──────── Materials provided

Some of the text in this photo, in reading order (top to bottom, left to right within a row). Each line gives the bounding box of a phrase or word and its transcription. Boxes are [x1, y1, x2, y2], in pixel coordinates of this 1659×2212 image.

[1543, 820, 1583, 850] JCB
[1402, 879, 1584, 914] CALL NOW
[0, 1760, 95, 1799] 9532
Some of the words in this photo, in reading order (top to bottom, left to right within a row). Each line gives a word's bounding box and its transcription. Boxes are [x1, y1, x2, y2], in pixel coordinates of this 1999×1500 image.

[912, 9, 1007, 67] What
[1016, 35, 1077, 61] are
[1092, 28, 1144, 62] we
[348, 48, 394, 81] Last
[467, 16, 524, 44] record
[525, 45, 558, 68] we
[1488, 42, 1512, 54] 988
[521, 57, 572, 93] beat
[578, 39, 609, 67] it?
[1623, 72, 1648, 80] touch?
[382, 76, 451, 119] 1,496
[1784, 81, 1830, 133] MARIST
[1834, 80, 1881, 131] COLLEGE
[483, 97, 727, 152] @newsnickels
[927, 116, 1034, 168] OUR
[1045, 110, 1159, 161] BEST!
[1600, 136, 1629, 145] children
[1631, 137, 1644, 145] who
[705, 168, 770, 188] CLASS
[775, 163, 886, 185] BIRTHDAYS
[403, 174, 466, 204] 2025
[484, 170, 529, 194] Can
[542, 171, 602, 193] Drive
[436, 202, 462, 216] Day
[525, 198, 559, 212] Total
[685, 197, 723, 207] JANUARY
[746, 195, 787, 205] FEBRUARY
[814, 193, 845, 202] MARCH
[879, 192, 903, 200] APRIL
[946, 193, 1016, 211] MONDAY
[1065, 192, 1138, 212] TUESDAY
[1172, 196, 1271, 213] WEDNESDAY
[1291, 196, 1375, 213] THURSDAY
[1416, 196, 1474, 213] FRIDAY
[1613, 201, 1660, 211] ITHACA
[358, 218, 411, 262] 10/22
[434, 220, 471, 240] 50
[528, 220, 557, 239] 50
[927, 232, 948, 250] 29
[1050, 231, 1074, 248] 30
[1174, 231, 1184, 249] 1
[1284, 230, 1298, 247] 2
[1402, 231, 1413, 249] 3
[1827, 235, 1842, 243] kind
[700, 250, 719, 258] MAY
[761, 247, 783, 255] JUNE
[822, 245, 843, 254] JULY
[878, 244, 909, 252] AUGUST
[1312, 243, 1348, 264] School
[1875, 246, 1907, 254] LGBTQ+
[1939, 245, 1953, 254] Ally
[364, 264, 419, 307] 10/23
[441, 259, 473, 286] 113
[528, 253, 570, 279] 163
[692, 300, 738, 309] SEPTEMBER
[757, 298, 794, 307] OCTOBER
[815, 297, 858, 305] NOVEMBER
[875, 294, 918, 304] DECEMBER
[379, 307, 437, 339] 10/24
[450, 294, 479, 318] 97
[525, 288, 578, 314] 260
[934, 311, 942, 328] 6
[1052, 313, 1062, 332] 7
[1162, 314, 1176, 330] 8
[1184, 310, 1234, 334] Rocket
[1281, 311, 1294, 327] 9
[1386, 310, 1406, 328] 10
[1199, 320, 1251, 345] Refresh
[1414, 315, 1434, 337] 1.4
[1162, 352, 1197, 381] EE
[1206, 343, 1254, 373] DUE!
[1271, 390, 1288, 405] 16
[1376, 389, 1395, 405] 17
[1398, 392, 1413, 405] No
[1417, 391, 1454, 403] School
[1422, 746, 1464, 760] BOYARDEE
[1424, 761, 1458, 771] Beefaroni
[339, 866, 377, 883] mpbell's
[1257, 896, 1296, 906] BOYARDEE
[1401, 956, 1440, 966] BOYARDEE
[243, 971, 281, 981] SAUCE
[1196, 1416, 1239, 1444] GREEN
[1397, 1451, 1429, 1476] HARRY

────────────────

### Task description
Transcribe each line of the listing above precisely as it appears.

### Response below
Some of the text in this photo, in reading order (top to bottom, left to right within a row). Each line gives the bounding box of a phrase or word and its transcription. Boxes are [x1, y1, x2, y2], in pixel coordinates of this 1659×2212 image.

[1543, 820, 1583, 850] JCB
[1402, 879, 1584, 914] CALL NOW
[0, 1760, 95, 1799] 9532
Some of the words in this photo, in reading order (top to bottom, left to right within a row). Each line gives a word's bounding box and its transcription. Boxes are [x1, y1, x2, y2], in pixel coordinates of this 1999×1500 image.

[912, 9, 1007, 67] What
[1016, 35, 1077, 61] are
[1092, 28, 1144, 62] we
[348, 48, 394, 81] Last
[467, 16, 524, 44] record
[525, 45, 558, 68] we
[1488, 42, 1512, 54] 988
[521, 57, 572, 93] beat
[578, 39, 609, 67] it?
[1623, 72, 1648, 80] touch?
[382, 76, 451, 119] 1,496
[1784, 81, 1830, 133] MARIST
[1834, 80, 1881, 131] COLLEGE
[483, 97, 727, 152] @newsnickels
[927, 116, 1034, 168] OUR
[1045, 110, 1159, 161] BEST!
[1600, 136, 1629, 145] children
[1631, 137, 1644, 145] who
[705, 168, 770, 188] CLASS
[775, 163, 886, 185] BIRTHDAYS
[403, 174, 466, 204] 2025
[484, 170, 529, 194] Can
[542, 171, 602, 193] Drive
[436, 202, 462, 216] Day
[525, 198, 559, 212] Total
[685, 197, 723, 207] JANUARY
[746, 195, 787, 205] FEBRUARY
[814, 193, 845, 202] MARCH
[879, 192, 903, 200] APRIL
[946, 193, 1016, 211] MONDAY
[1065, 192, 1138, 212] TUESDAY
[1172, 196, 1271, 213] WEDNESDAY
[1291, 196, 1375, 213] THURSDAY
[1416, 196, 1474, 213] FRIDAY
[1613, 201, 1660, 211] ITHACA
[358, 218, 411, 262] 10/22
[434, 220, 471, 240] 50
[528, 220, 557, 239] 50
[927, 232, 948, 250] 29
[1050, 231, 1074, 248] 30
[1174, 231, 1184, 249] 1
[1284, 230, 1298, 247] 2
[1402, 231, 1413, 249] 3
[1827, 235, 1842, 243] kind
[700, 250, 719, 258] MAY
[761, 247, 783, 255] JUNE
[822, 245, 843, 254] JULY
[878, 244, 909, 252] AUGUST
[1312, 243, 1348, 264] School
[1875, 246, 1907, 254] LGBTQ+
[1939, 245, 1953, 254] Ally
[364, 264, 419, 307] 10/23
[441, 259, 473, 286] 113
[528, 253, 570, 279] 163
[692, 300, 738, 309] SEPTEMBER
[757, 298, 794, 307] OCTOBER
[815, 297, 858, 305] NOVEMBER
[875, 294, 918, 304] DECEMBER
[379, 307, 437, 339] 10/24
[450, 294, 479, 318] 97
[525, 288, 578, 314] 260
[934, 311, 942, 328] 6
[1052, 313, 1062, 332] 7
[1162, 314, 1176, 330] 8
[1184, 310, 1234, 334] Rocket
[1281, 311, 1294, 327] 9
[1386, 310, 1406, 328] 10
[1199, 320, 1251, 345] Refresh
[1414, 315, 1434, 337] 1.4
[1162, 352, 1197, 381] EE
[1206, 343, 1254, 373] DUE!
[1271, 390, 1288, 405] 16
[1376, 389, 1395, 405] 17
[1398, 392, 1413, 405] No
[1417, 391, 1454, 403] School
[1422, 746, 1464, 760] BOYARDEE
[1424, 761, 1458, 771] Beefaroni
[339, 866, 377, 883] mpbell's
[1257, 896, 1296, 906] BOYARDEE
[1401, 956, 1440, 966] BOYARDEE
[243, 971, 281, 981] SAUCE
[1196, 1416, 1239, 1444] GREEN
[1397, 1451, 1429, 1476] HARRY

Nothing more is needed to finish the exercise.